In the copy, leave out the pictures and repeat all records exactly.

━━ RECORDED DATA

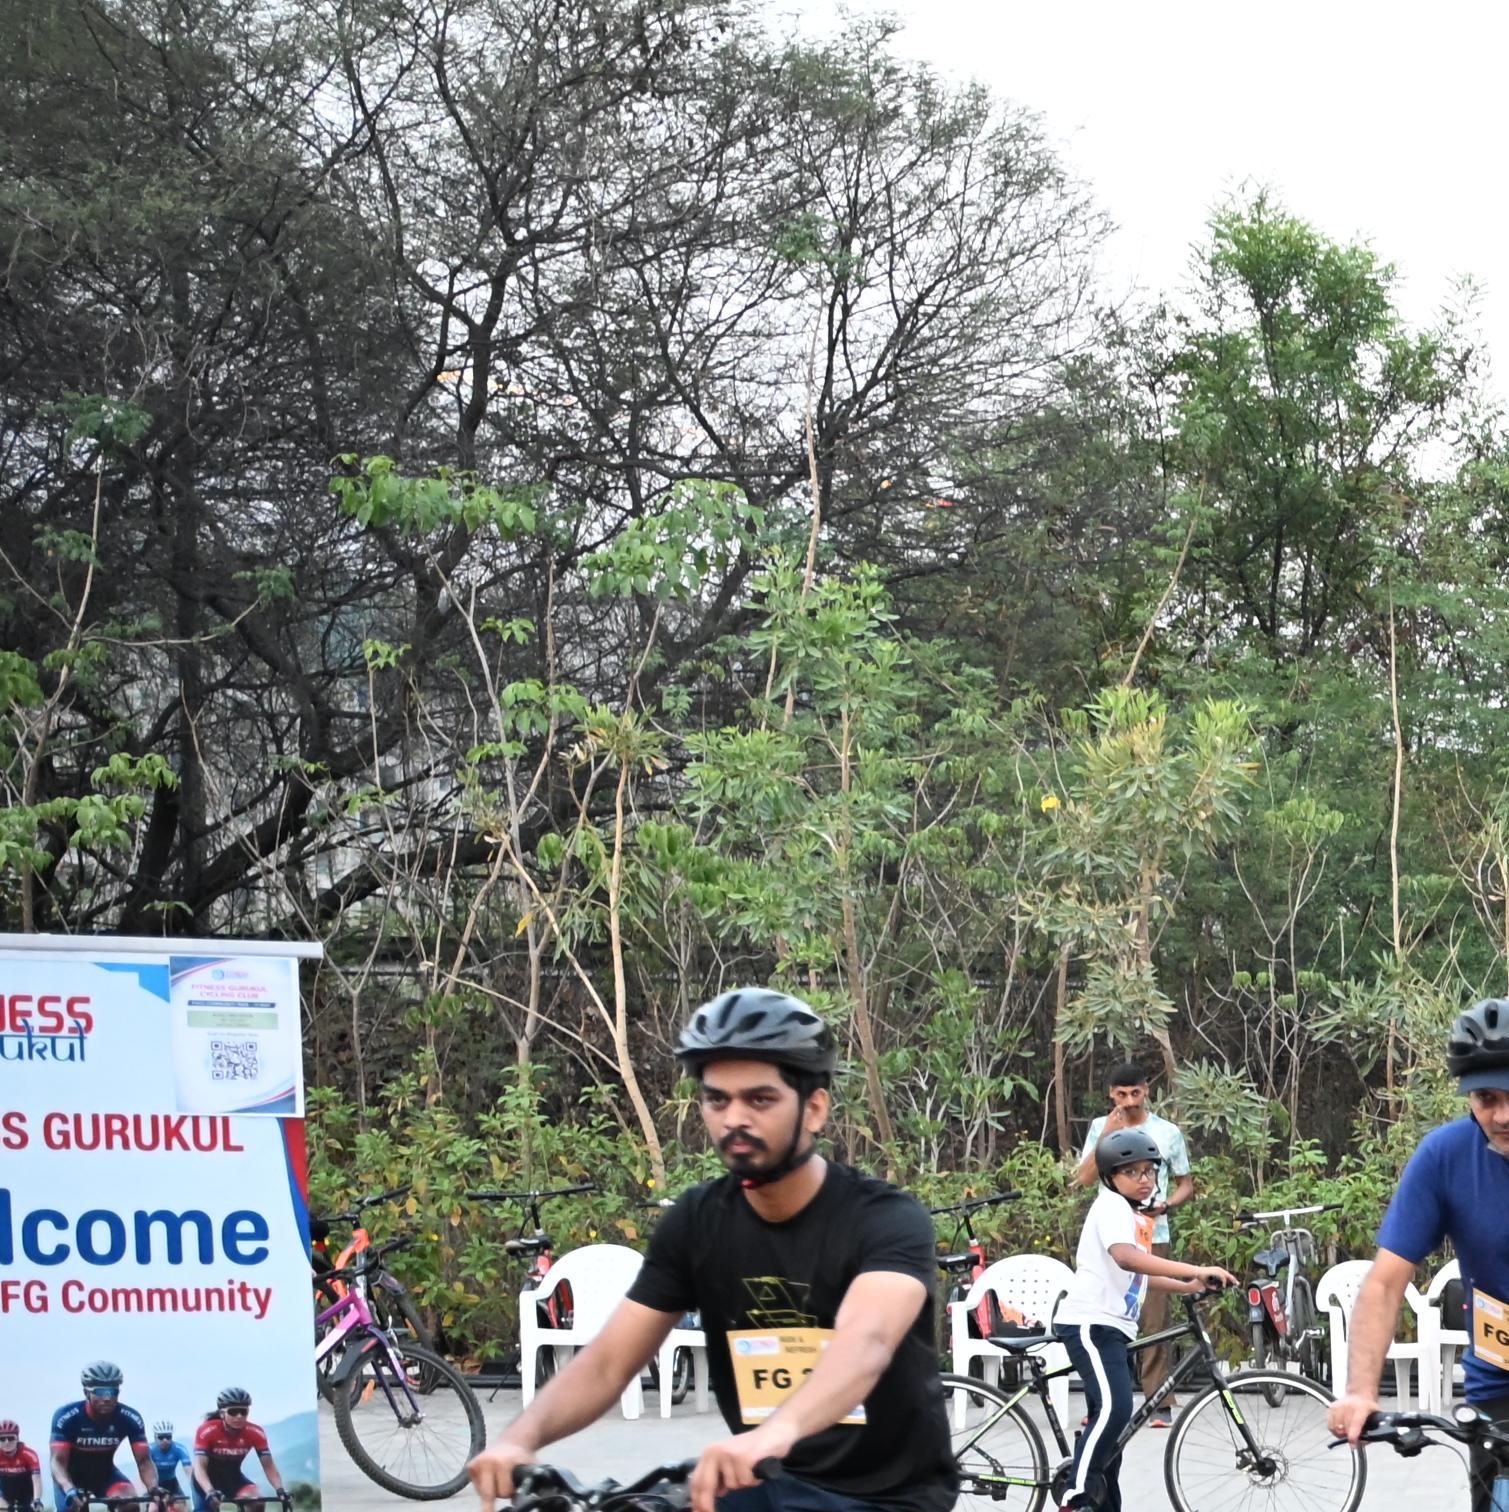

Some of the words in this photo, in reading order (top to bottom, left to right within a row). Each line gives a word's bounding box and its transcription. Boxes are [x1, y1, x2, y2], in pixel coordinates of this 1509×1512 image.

[43, 1112, 244, 1152] GURUKUL
[1, 1280, 48, 1313] FG
[62, 1279, 272, 1320] Community
[752, 1368, 792, 1389] FG
[76, 1437, 120, 1446] FITNESS

━━━━

__REPLY TO THE TASK__:
Some of the words in this photo, in reading order (top to bottom, left to right within a row). Each line gives a word's bounding box and its transcription. Boxes are [x1, y1, x2, y2], in pixel coordinates of this 1509×1512 image.

[43, 1112, 244, 1152] GURUKUL
[1, 1280, 48, 1313] FG
[62, 1279, 272, 1320] Community
[752, 1368, 792, 1389] FG
[76, 1437, 120, 1446] FITNESS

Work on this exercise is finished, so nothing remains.